Then, we will load the pre-trained BERT model. We choose among a variant list of models, the **best-base-nli-mean-tokens**. [Here](https://docs.google.com/spreadsheets/d/14QplCdTCDwEmTqrn1LH4yrbKvdogK4oQvYO1K1aPR5M/edit#gid=0) is a list with the models.

In [10]:
from sentence_transformers import SentenceTransformer
sbert_model = SentenceTransformer('bert-base-nli-mean-tokens')

100%|██████████| 405M/405M [00:15<00:00, 26.9MB/s]


Then, we will create a list with **sentences**. Each sentences will be the content of each paper individually. 

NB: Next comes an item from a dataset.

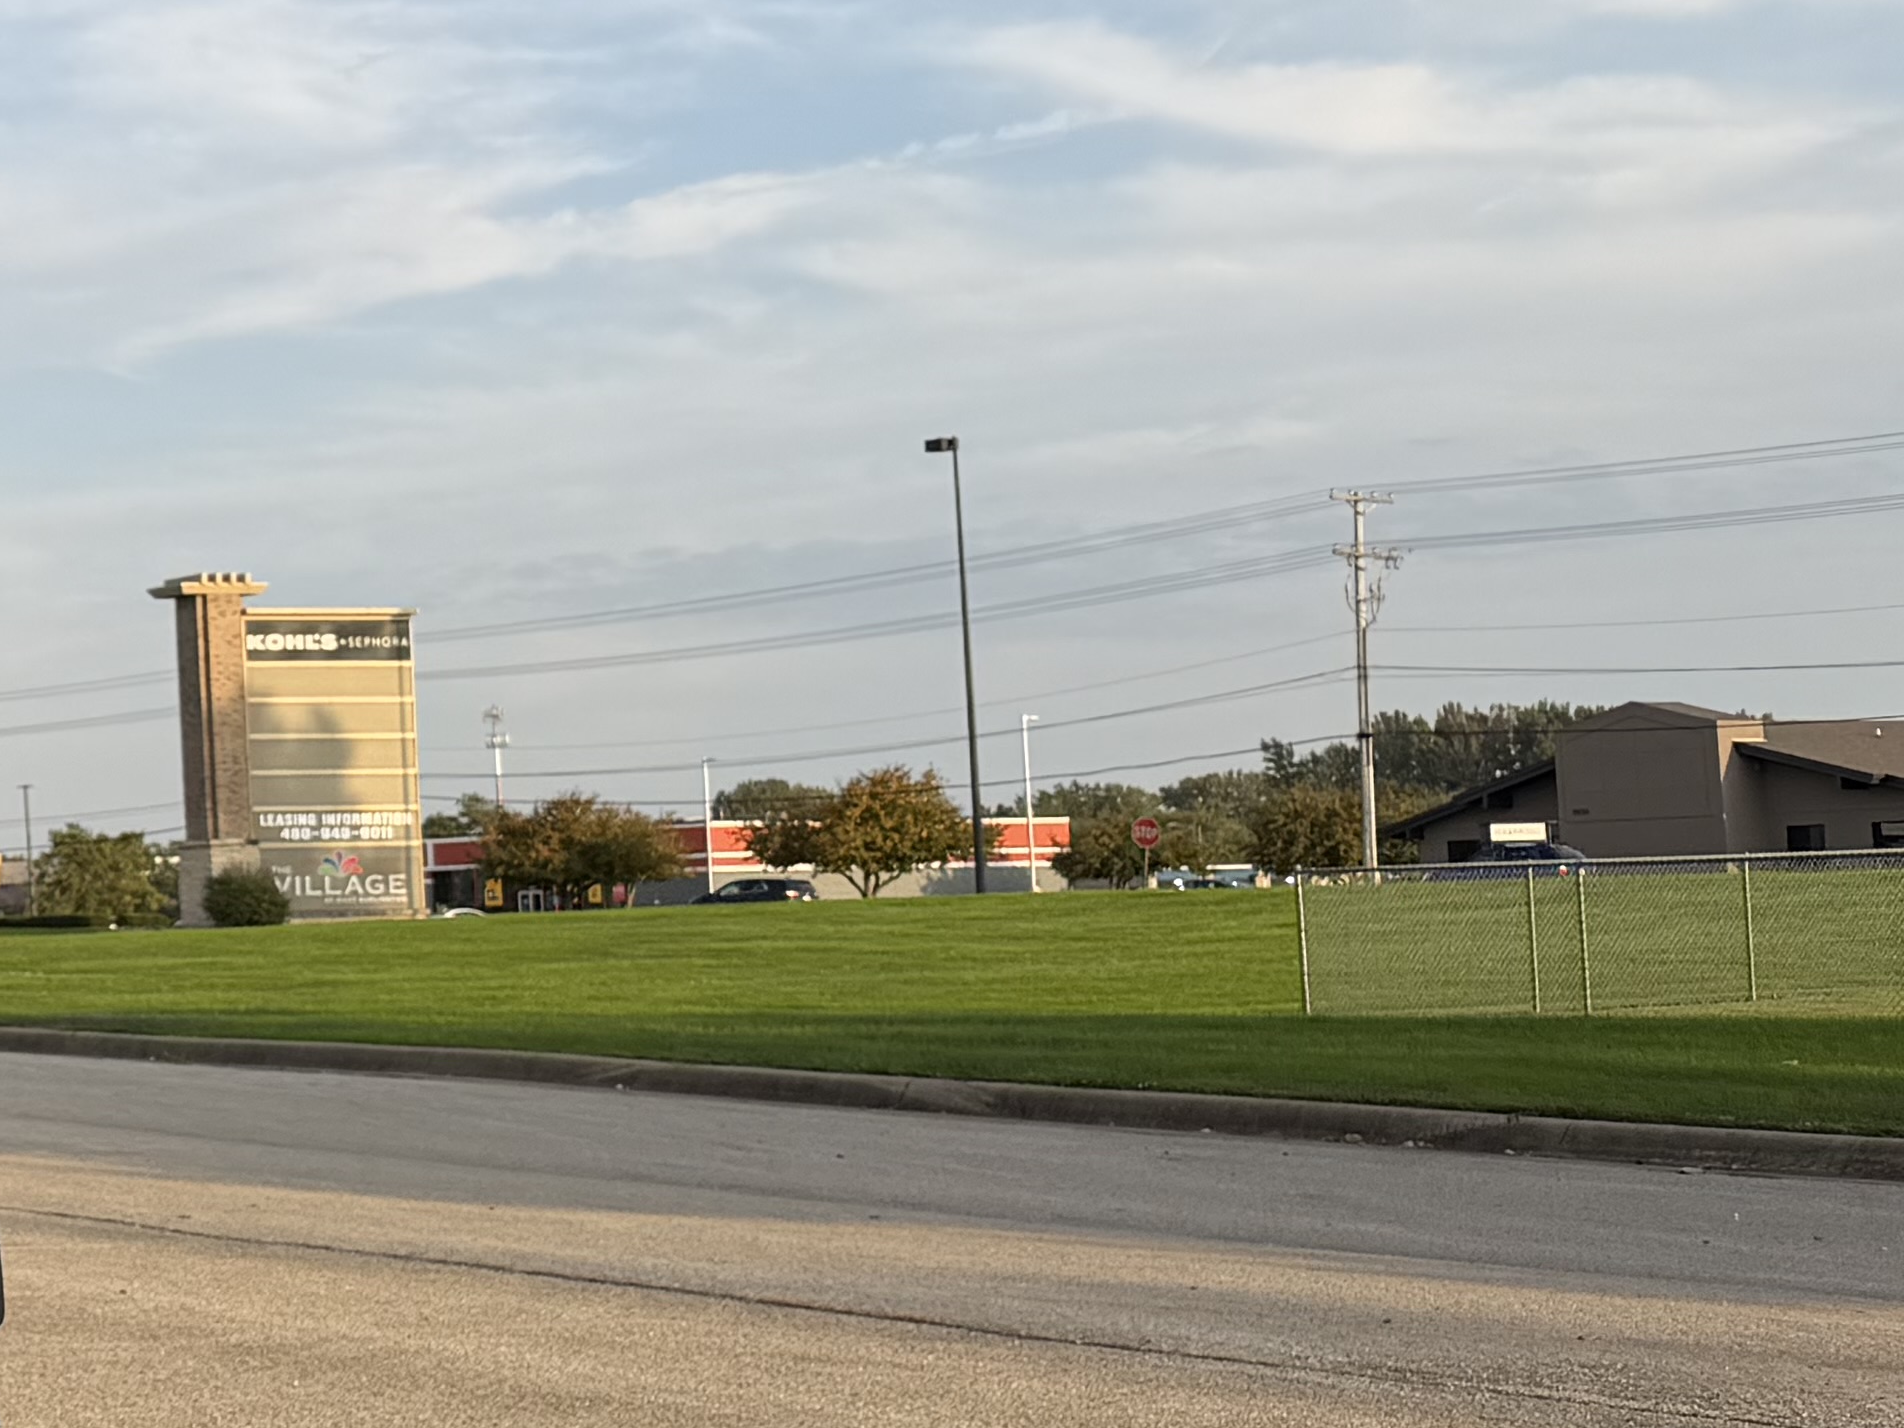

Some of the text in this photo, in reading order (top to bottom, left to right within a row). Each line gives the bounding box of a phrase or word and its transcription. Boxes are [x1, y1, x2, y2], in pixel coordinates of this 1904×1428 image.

[246, 633, 409, 651] KOHL'S SEPHORA
[259, 811, 412, 827] LEASING INFORMATION
[274, 873, 408, 896] VILLAGE

We also should mention that from each paper we will subtract the "noise", such as emails and url's.

In [11]:
def createSentences(dataframe):

  sentences = []

  url_regex = r"(?i)\b((?:https?://|www\d{0,3}[.]|[a-z0-9.\-]+[.][a-z]{2,4}/)(?:[^\s()<>]+|\(([^\s()<>]+|(\([^\s()<>]+\)))*\))+(?:\(([^\s()<>]+|(\([^\s()<>]+\)))*\)|[^\s`!()\[\]{};:'\".,<>?«»“”‘’]))"
  email_regex = r'\S*@\S*\s'

  for paper in dataframe['text']:

      # sentences.append(paper)
      paper = re.sub(email_regex, '', paper)
      paper = re.sub(url_regex, '', paper)
      # text = re.sub("\[\d\]","", paper)
      # text = re.sub(" +"," ",text)
      sentences.append(paper)

  return sentences

In [12]:
sentences = createSentences(papers)
print(len(sentences))

9000


### (2.2): Creation of the Sentence Embeddings.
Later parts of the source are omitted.